Einde inhoudsopgave
Richtlijn 2000/53/EG betreffende autowrakken
Aanhef
Geldend
Geldend vanaf 01-12-2010
- Redactionele toelichting
Deze wijziging wordt toegepast vanaf 01-06-2010.
- Bronpublicatie:
16-12-2008, PbEU 2008, L 345 (uitgifte: 01-01-2008, regelingnummer: 2008/112/EG)
- Inwerkingtreding
01-12-2010
- Bronpublicatie inwerkingtreding:
16-12-2008, PbEU 2008, L 345 (uitgifte: 01-01-2008, regelingnummer: 2008/112/EG)
- Vakgebied(en)
EU-recht / Bijzondere onderwerpen
Richtlijn van het Europees Parlement en de Raad van 18 september 2000 betreffende autowrakken
HET EUROPEES PARLEMENT EN DE RAAD VAN DE EUROPESE UNIE,
Gelet op het Verdrag tot oprichting van de Europese Gemeenschap, inzonderheid op artikel 175, lid 1,
Gezien het voorstel van de Commissie (1),
Gezien het advies van het Economisch en Sociaal Comité (2),
Na raadpleging van het Comité van de Regio's,
Volgens de procedure van artikel 251 van het Verdrag, en gezien het gemeenschappelijk ontwerp dat op 23 mei 2000 door het Bemiddelingscomité is goedgekeurd (3),
Overwegende hetgeen volgt:
- (1)
De verschillende nationale maatregelen betreffende autowrakken dienen te worden geharmoniseerd om, in de eerste plaats, aantasting van het milieu door autowrakken tot een minimum te beperken, daarmee een bijdrage leverend tot bescherming, behoud en verbetering van de milieukwaliteit en tot energiebesparing, en om, in de tweede plaats, de goede werking van de interne markt te waarborgen en concurrentiebeperkingen in de Gemeenschap te vermijden.
- (2)
Er is een communautair kader nodig om te zorgen voor samenhang tussen de nationale benaderingswijzen voor het bereiken van bovengenoemde doelstellingen, met name met het oog op het ontwerpen van voertuigen voor recycling en nuttige toepassing, de eisen inzake inzamelings- en verwerkingsinstallaties en het bereiken van de doelstellingen inzake hergebruik, recycling en nuttige toepassing, rekening houdend met het subsidiariteitsbeginsel en met het beginsel dat de vervuiler betaalt.
- (3)
Autowrakken brengen in de Gemeenschap jaarlijks tussen de 8 en 9 miljoen ton afval voort, dat op een juiste wijze dient te worden beheerd.
- (4)
Overeenkomstig het voorzorgs- en het preventiebeginsel en de communautaire strategie voor afvalbeheer, dient het ontstaan van afvalstoffen zoveel mogelijk te worden vermeden.
- (5)
Voorts geldt daarbij als hoofdbeginsel dat afvalstoffen dienen te worden hergebruikt en nuttig toegepast en dat aan hergebruik en recycling de voorkeur dient te worden gegeven.
- (6)
De lidstaten moeten de nodige maatregelen nemen om ervoor te zorgen dat de ondernemingen systemen voor het inzamelen, het verwerken en nuttig toepassen van autowrakken opzetten.
- (7)
De lidstaten dienen ervoor te zorgen dat het voertuig aan een door het bevoegd gezag erkende verwerker kan worden afgegeven zonder kosten voor de laatste houder en/of eigenaar vanwege het feit dat het voertuig geen of een negatieve marktwaarde heeft.

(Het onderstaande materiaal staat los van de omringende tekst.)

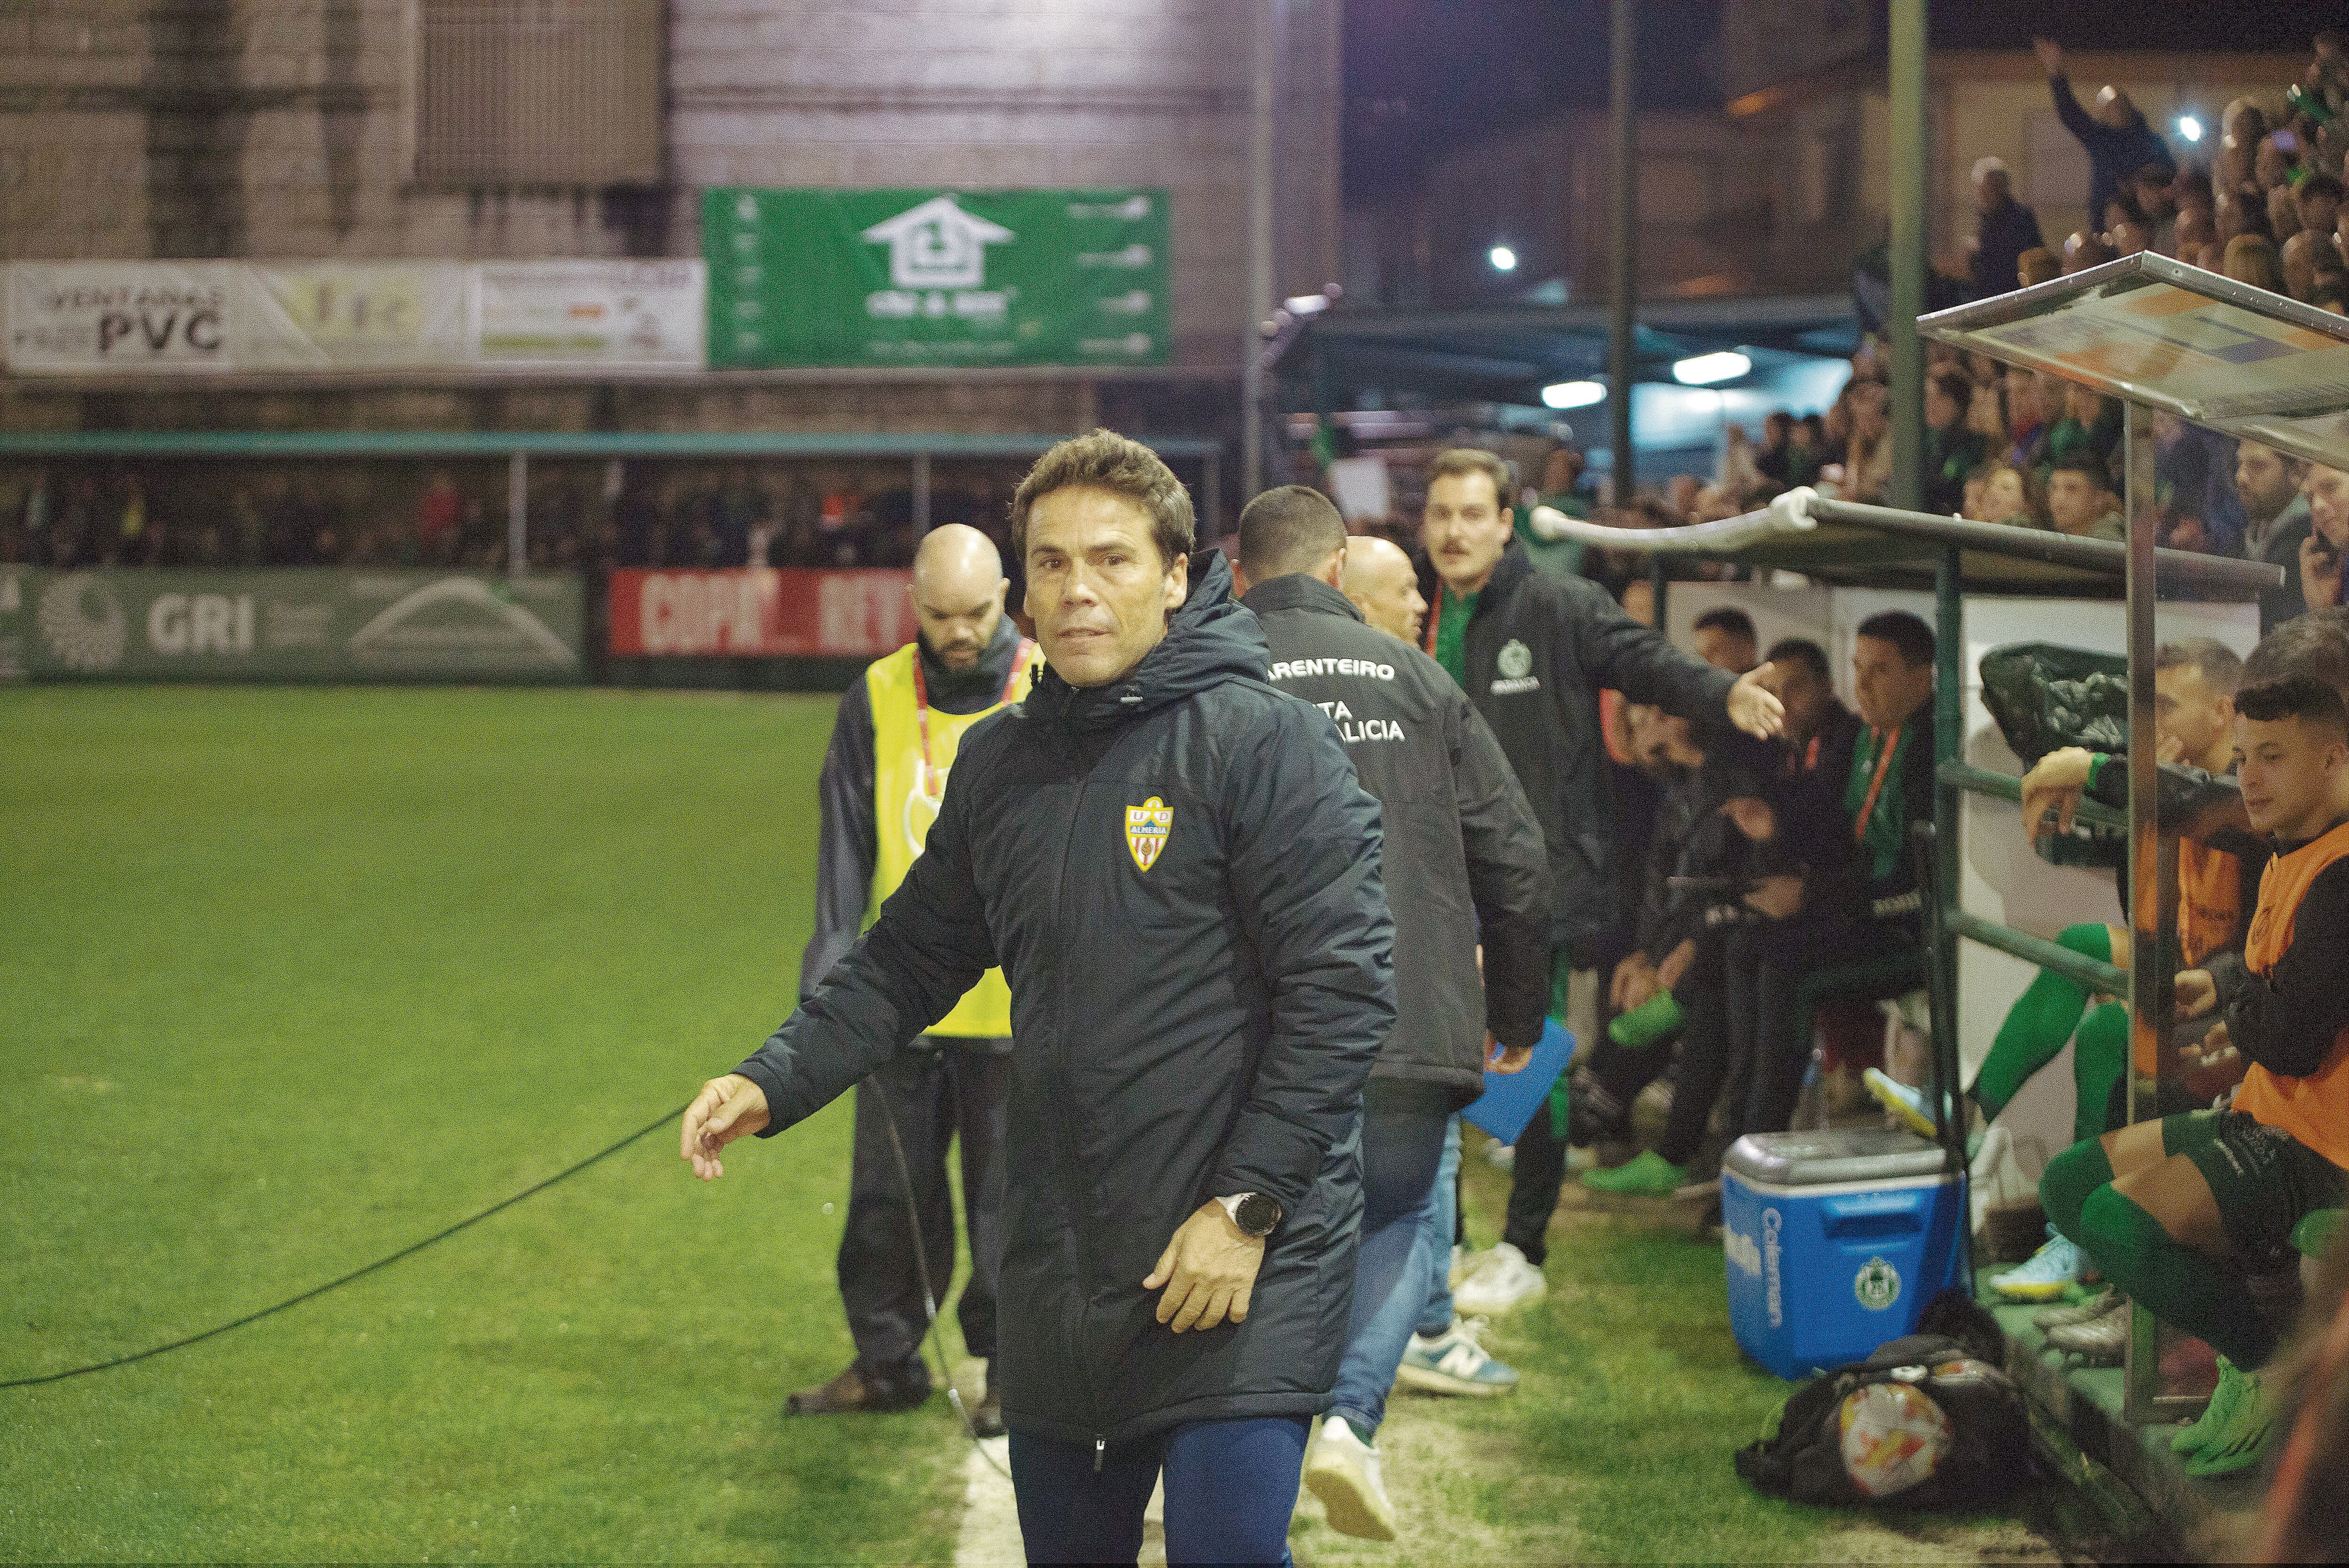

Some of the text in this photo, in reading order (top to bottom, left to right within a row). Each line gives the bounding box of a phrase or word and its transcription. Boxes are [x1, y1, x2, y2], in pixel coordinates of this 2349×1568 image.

Zij dienen ervoor te zorgen dat de producenten alle of een aanzienlijk deel van de kosten voor de uitvoering van deze maatregelen voor hun rekening nemen. De normale werking van de marktkrachten mag niet worden belemmerd.
- (8)
Deze richtlijn dient voertuigen en autowrakken, met inbegrip van de onderdelen en materialen ervan, alsmede vervangings- of inbouwonderdelen, te bestrijken, onverminderd de voorschriften inzake veiligheid, luchtemissies en lawaaibestrijding.
- (9)
In de onderhavige richtlijn zijn de termen, waar dienstig, ontleend aan verscheidene richtlijnen, met name Richtlijn 67/548/EEG van de Raad van 27 juni 1967 betreffende de aanpassing van de wettelijke en bestuursrechtelijke bepalingen inzake de indeling, de verpakking en het kenmerken van gevaarlijke stoffen (4), Richtlijn 70/156/EEG van de Raad van 6 februari 1970 inzake de onderlinge aanpassing van de wetgevingen van de lidstaten betreffende de goedkeuring van motorvoertuigen en aanhangwagens daarvan (5), alsmede Richtlijn 75/442/EEG van de Raad van 15 juli 1975 betreffende afvalstoffen (6).
- (10)
Oldtimers, dat wil zeggen historische voertuigen, voertuigen met verzamelaarswaarde of voor musea bestemde voertuigen, mits op adequate en het milieu ontziende wijze gebruiksklaar of gedemonteerd opgeslagen, vallen niet onder de omschrijving van afval in de zin van Richtlijn 75/442/EEG en derhalve ook niet onder het toepassingsgebied van deze richtlijn.
- (11)
Het is belangrijk dat vanaf de ontwerpfase van het voertuig preventieve maatregelen worden toegepast, in de vorm van beperking en beheersing van de in voertuigen toegepaste gevaarlijke stoffen, om te beletten dat deze in het milieu vrijkomen, om recycling te vergemakkelijken en om verwijdering van gevaarlijke afvalstoffen te vermijden. In het bijzonder moet het gebruik van lood, kwik, cadmium en zeswaardig chroom worden verboden. Deze zware metalen mogen uitsluitend worden gebruikt voor bepaalde toepassingen die zijn opgenomen in een geregeld bij te werken lijst. Dat zal ertoe bijdragen dat bepaalde materialen en onderdelen niet in shredderafval geraken en niet worden verbrand of naar stortplaatsen worden gebracht.
- (12)
Recycling van alle plastics uit autowrakken moet voortdurend worden verbeterd. De Commissie stelt thans een onderzoek in naar de gevolgen van PVC voor het milieu.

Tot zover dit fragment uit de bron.